• [What is required]: An exact repetition of the data below, without images, is the expected answer.

• [Records from a data collection]:

##########

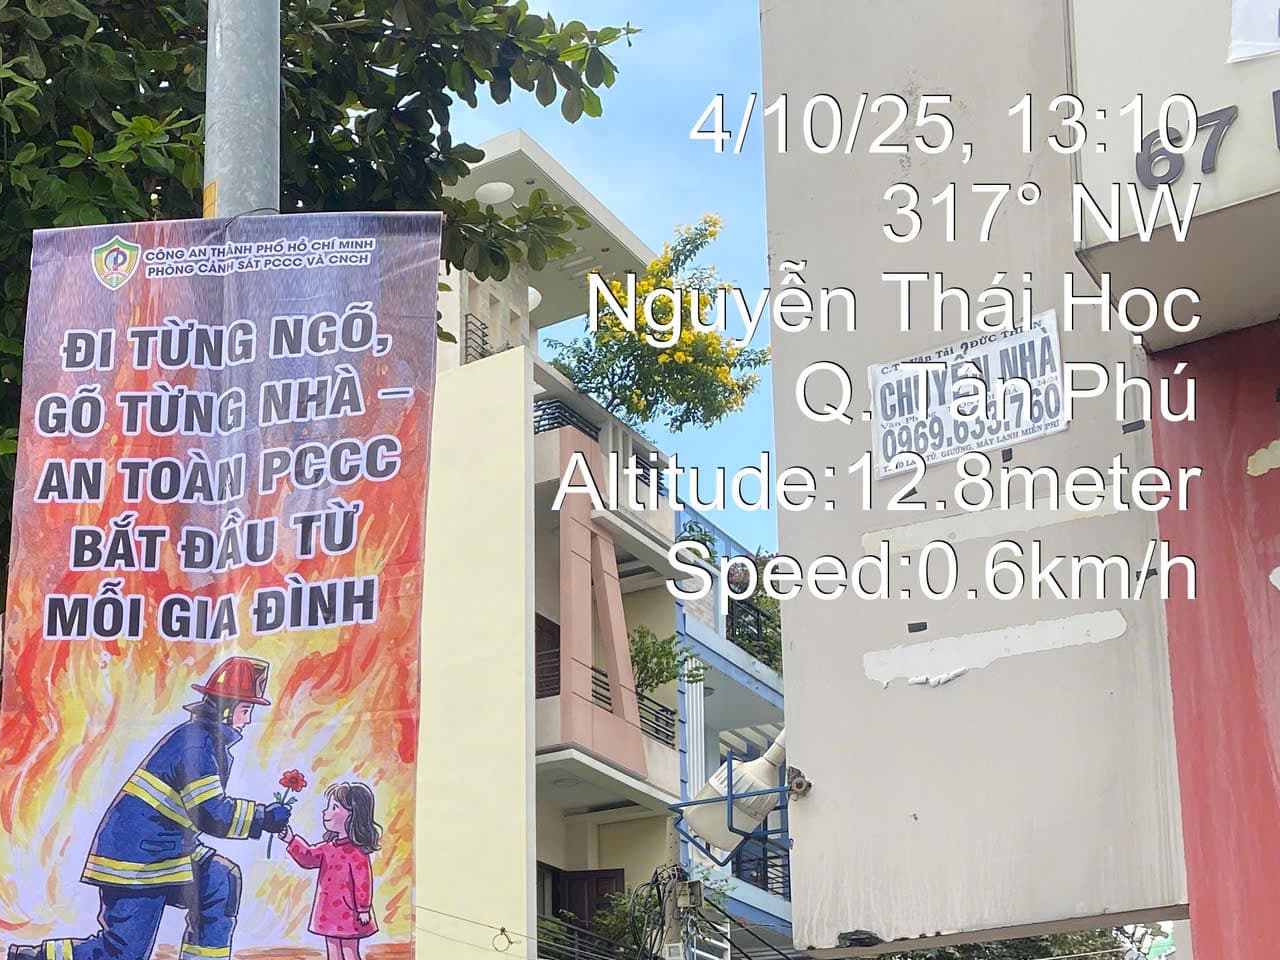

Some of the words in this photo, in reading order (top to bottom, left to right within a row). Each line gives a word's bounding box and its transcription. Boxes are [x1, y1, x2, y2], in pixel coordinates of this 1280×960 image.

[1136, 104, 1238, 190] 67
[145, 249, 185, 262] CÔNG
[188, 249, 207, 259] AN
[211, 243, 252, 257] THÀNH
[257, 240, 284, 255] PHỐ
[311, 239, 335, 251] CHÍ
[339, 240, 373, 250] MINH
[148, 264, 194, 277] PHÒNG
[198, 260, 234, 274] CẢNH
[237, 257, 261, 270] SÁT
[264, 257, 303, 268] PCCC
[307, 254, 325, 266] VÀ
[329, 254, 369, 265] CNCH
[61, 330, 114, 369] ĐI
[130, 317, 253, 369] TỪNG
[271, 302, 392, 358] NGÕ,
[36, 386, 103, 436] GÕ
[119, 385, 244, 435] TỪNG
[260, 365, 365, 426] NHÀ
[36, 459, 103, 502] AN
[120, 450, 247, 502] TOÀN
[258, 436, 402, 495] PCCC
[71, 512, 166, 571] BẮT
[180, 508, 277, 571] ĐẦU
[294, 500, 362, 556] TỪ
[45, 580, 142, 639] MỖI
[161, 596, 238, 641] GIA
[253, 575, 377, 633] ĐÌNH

##########

• [Response to the task]:
Some of the words in this photo, in reading order (top to bottom, left to right within a row). Each line gives a word's bounding box and its transcription. Boxes are [x1, y1, x2, y2], in pixel coordinates of this 1280×960 image.

[1136, 104, 1238, 190] 67
[145, 249, 185, 262] CÔNG
[188, 249, 207, 259] AN
[211, 243, 252, 257] THÀNH
[257, 240, 284, 255] PHỐ
[311, 239, 335, 251] CHÍ
[339, 240, 373, 250] MINH
[148, 264, 194, 277] PHÒNG
[198, 260, 234, 274] CẢNH
[237, 257, 261, 270] SÁT
[264, 257, 303, 268] PCCC
[307, 254, 325, 266] VÀ
[329, 254, 369, 265] CNCH
[61, 330, 114, 369] ĐI
[130, 317, 253, 369] TỪNG
[271, 302, 392, 358] NGÕ,
[36, 386, 103, 436] GÕ
[119, 385, 244, 435] TỪNG
[260, 365, 365, 426] NHÀ
[36, 459, 103, 502] AN
[120, 450, 247, 502] TOÀN
[258, 436, 402, 495] PCCC
[71, 512, 166, 571] BẮT
[180, 508, 277, 571] ĐẦU
[294, 500, 362, 556] TỪ
[45, 580, 142, 639] MỖI
[161, 596, 238, 641] GIA
[253, 575, 377, 633] ĐÌNH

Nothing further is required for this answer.